24.3 C
Trenggalek
Kamis, November 30, 2023

Pemerintah akan Menaikkan Tarif Listrik dalam Waktu Dekat

Kabar Trenggalek Menteri Energi dan Sumber daya Mineral (ESDM), Arifin Tasrif, berencana untuk menaikkan tarif listrik. Arifin mengatakan, pemerintah akan menerapkan kembali tarif adjustment pada tahun 2022.

Melalui penerapan tarif adjustment, pemerintah akan menghemat kompensasi listrik sebesar Rp 7 – Rp 16 triliun.

Tarif adjustment listrik adalah mekanisme mengubah dan menetapkan naik atau turunnya tarif listrik mengikuti perubahan empat parameter.

Empat parameter itu adalah parameter ekonomi makro rata-rata per tiga bulan, realisasi kurs rupiah, Indoensian Crude Price (ICP) atau harga batu bara acuan, serta tingkat inflasi.

“Dalam jangka pendek penerapan tarif adjusment 2022 ini untuk dilakukan, ada penghematan kompensasi sebesar Rp 7-16 triliun,” terang Arifin.

Arifin menyampaikan, Kementerian ESDM juga akan menerapkan efisiensi biaya pokok penyediaan listrik dan strategi energi primer PLN. Kemudian, ada optimalisasi pembangkit dengan bahan bakar sumber domestik PLTU dan PLT EBT.

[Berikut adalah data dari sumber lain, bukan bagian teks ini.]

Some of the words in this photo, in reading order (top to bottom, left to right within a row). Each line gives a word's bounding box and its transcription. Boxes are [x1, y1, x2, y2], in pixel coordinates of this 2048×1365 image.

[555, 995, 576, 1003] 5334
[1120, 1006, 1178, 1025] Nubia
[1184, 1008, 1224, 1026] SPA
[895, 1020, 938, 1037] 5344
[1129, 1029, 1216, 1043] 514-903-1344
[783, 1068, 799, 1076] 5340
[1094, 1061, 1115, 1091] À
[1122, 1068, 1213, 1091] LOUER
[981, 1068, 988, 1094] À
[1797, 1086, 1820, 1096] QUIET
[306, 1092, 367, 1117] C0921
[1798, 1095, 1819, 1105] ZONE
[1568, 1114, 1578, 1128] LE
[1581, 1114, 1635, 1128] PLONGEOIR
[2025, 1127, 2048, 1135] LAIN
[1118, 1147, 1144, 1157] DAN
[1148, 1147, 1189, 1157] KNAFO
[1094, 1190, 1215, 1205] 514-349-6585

Kementerian ESDM, lanjut Arifin, juga akan melakukan percepatan pembangunan PLTS Atap 450 MW di 2022. Serta, pembangunan pembangkit EBT dari APBN.

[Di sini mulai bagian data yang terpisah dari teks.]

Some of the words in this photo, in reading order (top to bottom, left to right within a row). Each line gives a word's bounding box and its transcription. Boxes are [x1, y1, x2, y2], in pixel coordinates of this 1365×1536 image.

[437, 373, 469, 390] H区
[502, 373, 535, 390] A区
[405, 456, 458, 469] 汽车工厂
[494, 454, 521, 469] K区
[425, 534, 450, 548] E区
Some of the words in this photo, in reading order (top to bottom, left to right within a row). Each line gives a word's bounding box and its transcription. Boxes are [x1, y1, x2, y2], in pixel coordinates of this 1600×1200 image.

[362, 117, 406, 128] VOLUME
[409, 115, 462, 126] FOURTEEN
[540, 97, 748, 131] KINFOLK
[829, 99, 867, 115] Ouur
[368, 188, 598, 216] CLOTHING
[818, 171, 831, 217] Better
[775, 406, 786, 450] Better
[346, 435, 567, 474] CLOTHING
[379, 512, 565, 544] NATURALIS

Berdasarkan catatan Kementerian ESDM, tarif listrik di Indonesia merupakan yang termurah di Asia Tenggara atau ASEAN.

“Kami pastikan tarif listrik di Indonesia masih tergolong murah dibandingkan negara-negara lain di regional ASEAN,” ujar Kepala Biro Komunikasi Layanan Informasi dan Kerjasama Kementerian ESDM, Agung Pribadi.

Saat ini, besaran tarif rata-rata untuk pelanggan rumah tangga non subsidi (tariff adjustment) sebesar Rp 1.445 per kWh. Besaran tarif ini lebih murah daripada tarif listrik rumah tangga di Thailand yang mencapai Rp 1.597 per kWh, Vietnam Rp 1.532 per kWh, Singapura Rp 2.863 per kWh, dan Filipina Rp 2.421 per kWh.

Lalu untuk golongan Bisnis Menengah-TR, tarif listrik di Indonesia yaitu sebesar Rp 1.445 per kWh, lebih murah daripada di Filipina (Rp 1.636/kWh), Malaysia (Rp 1.735/kWh), Vietnam (Rp 1.943/kWh), dan Singapura (Rp 2.110/kWh).

Berikutnya, pada golongan Bisnis Besar-TM, tarif listrik di Indonesia merupakan yang termurah se-ASEAN, yakni Rp 1.115/kWh. Jika dibandingkan dengan konsumen kelas yang sama di Singapura mencapai Rp 2.063/kWh, Vietnam Rp 1.787/kWh, Filipina Rp 1.603/kWh, Thailand Rp 1.370/kWh, dan Malaysia Rp 1.227/kWh.

Tarif untuk jenis pengguna Industri Menengah-TM, tarif listrik di Indonesia sebesar Rp 1.115/kWh, lebih murah dibandingkan tarif di Singapura yang mencapai Rp 1.922/kWh, Filipina Rp 1.567/kWh dan Vietnam Rp 1.117/kWh. Tarif ini berada sedikit di atas Malaysia yang tarifnya Rp1.060/kWh dan Thailand Rp 991/kWh.

Lalu jenis pengguna industri besar di Indonesia sebesar Rp 997/kWh, sedikit lebih tinggi daripada Thailand Rp 990/kWh dan Malaysia Rp 991/kWh . Untuk kelas ini Singapura mematok tarif Rp 1.863/kWh, Filipina Rp 1.559/kWh, dan Vietnam Rp 1.060/kWh.

“Tarif ini sebagai langkah stimulus pemerintah guna menggaet investor untuk memperbaiki iklim bisnis di Indonesia di tengah pandemi,” ujar Agung.